High-Velocity Selection: Predicting Performance and Retention at Walmart

David Futrell and Josh Allen

Walmart is honored to be recognized as one of the winners of the 2019–2020 Human Resource Management (HRM) Impact Award given by the Society for Industrial and Organizational Psychology (SIOP) and SHRM (Society for Human Resource Management), along with their foundations. Walmart was recognized for its work on developing, validating, and implementing an assessment for hourly associates working in Walmart stores and Sam’s Clubs called the Retail Associate Assessment (RAA).

Beginning in 1962 with a single discount store in Rogers, Arkansas, Walmart has opened thousands of stores in the US and internationally.

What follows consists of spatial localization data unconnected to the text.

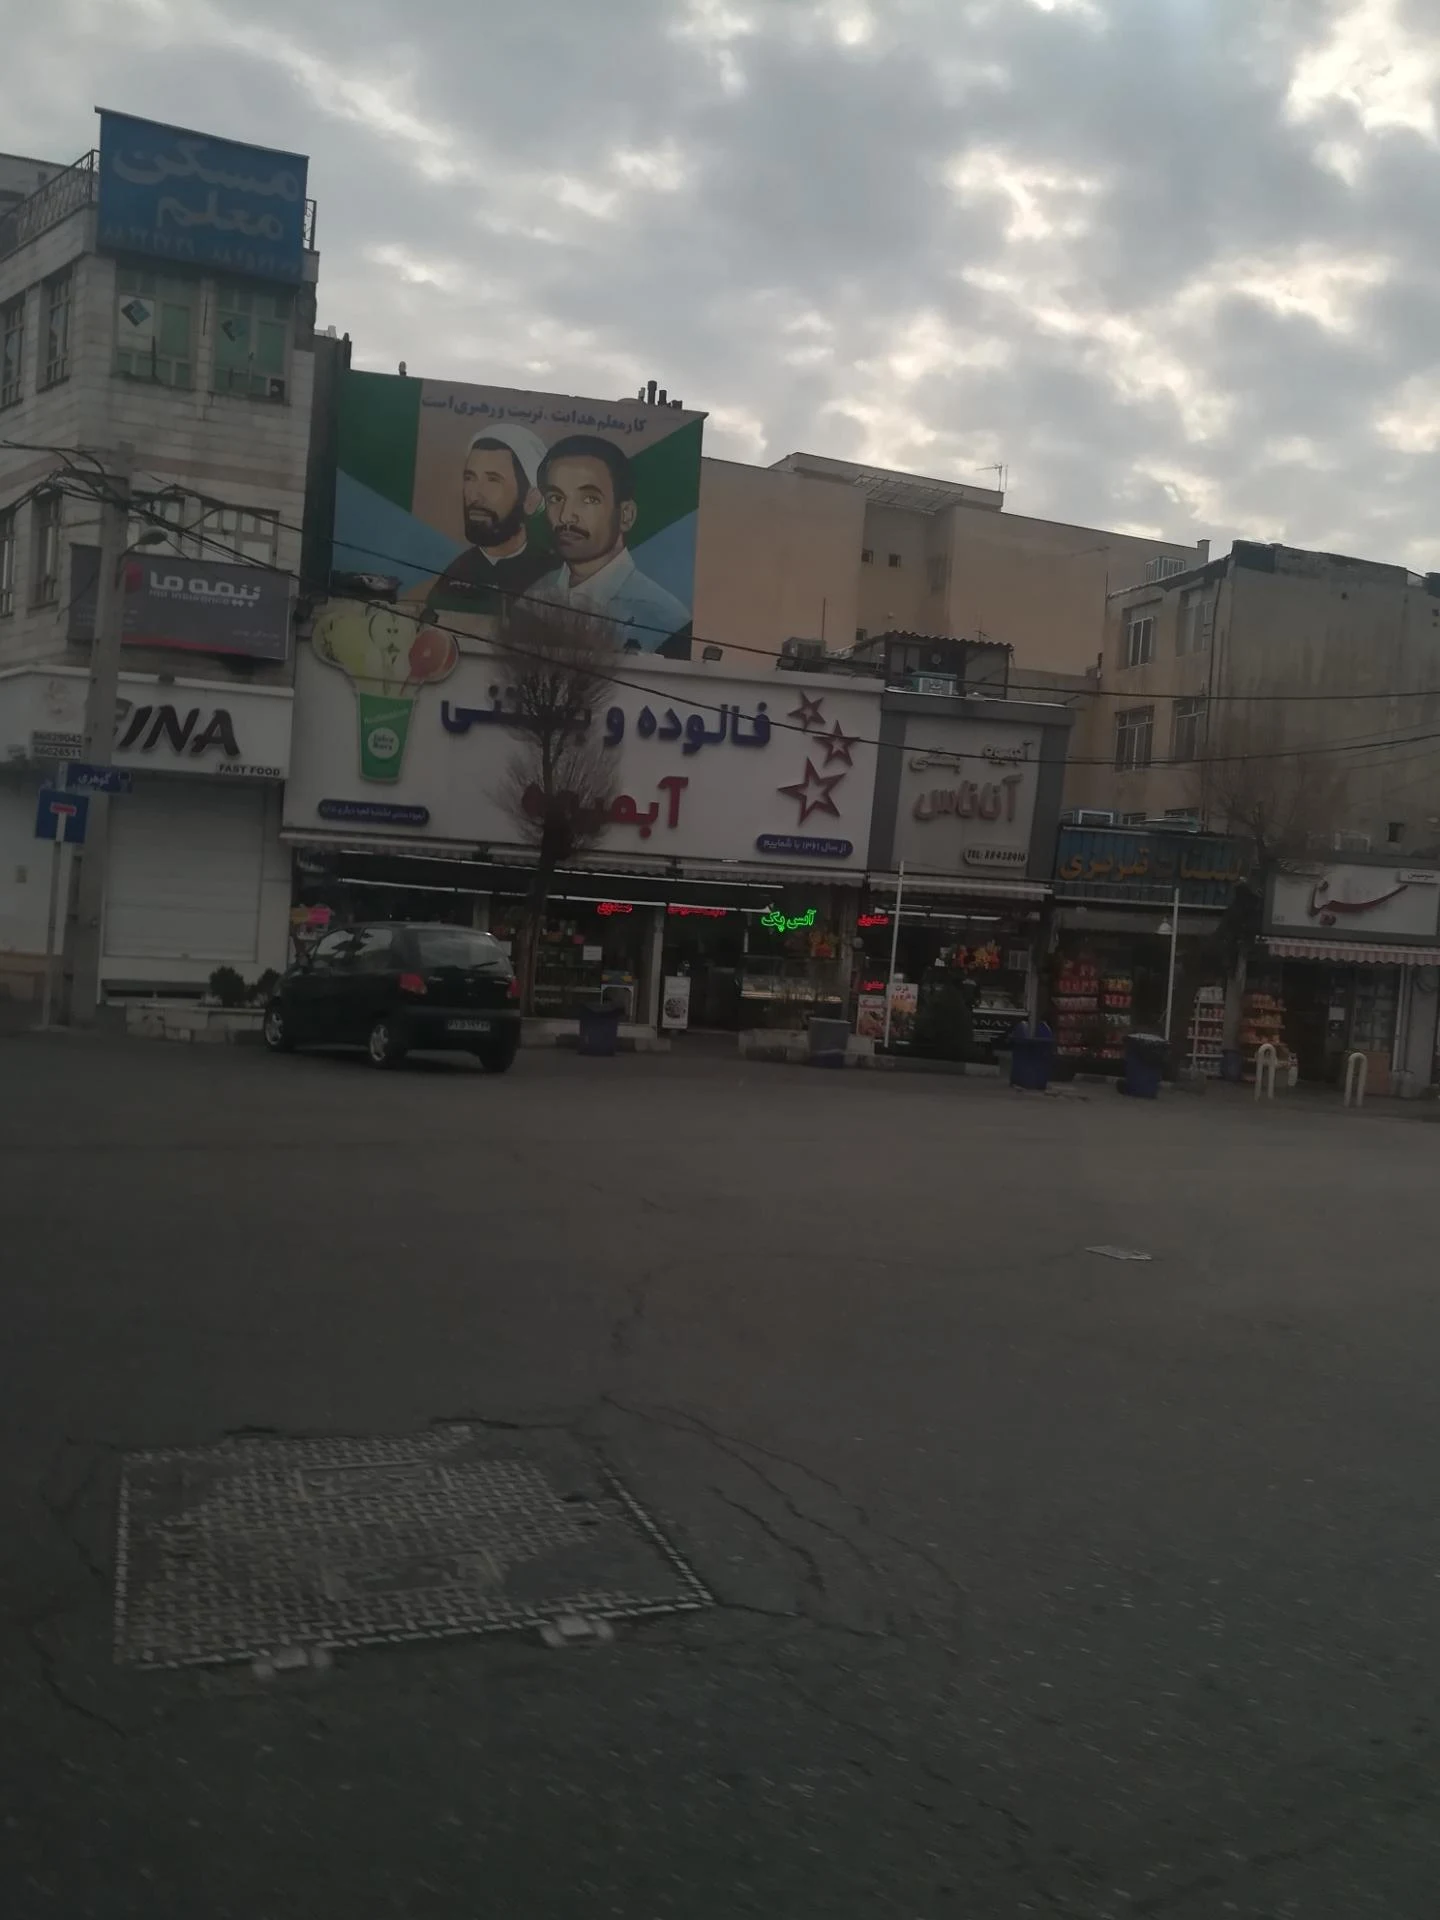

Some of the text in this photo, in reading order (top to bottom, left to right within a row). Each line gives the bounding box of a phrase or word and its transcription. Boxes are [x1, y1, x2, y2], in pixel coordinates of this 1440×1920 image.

[112, 140, 300, 203] مسکن
[157, 190, 284, 242] معلم
[602, 705, 625, 746] و
[637, 701, 771, 755] فالوده
[218, 764, 281, 776] FAST FOOD
[911, 773, 1025, 823] آناناس

Through continuous, customer-focused innovation, we have also created a seamless experience that allows our customers to shop online anywhere, anytime. Every Day Low Price (EDLP) is the cornerstone of our strategy, and our price focus has never been stronger. We currently operate over 11,300 stores under 58 banners in 27 countries with e-commerce websites in 10 countries. We employ approximately 2.2 million associates around the world—1.4 million in the US alone.

A job at Walmart is an opportunity to build a career. About 79% of our store management team members were hired as hourly associates. Last year, we promoted more than 215,000 of these associates to jobs with more responsibility and higher pay.

The Challenge

The selection system used to hire entry-level associates at Walmart is likely the highest volume system in the world. In a typical year, we receive millions of applicants, hiring hundreds of thousands of new associates. We receive more applications (10k+ is not unusual) in a single day than many companies process in an entire year. Each of our 7,000+ Walmart stores and Sam’s Clubs is required to use our selection tools and processes to screen and select their new associates. The selection and assessment team collaborates with HR operations associates in each business unit to ensure that the hiring teams in the stores and clubs understand the system and manage their selection processes in a consistent manner. Our primary challenge is meeting the often competing needs and desires of a variety of stakeholders while ensuring that the assessment and selection processes are being properly managed across thousands of stores.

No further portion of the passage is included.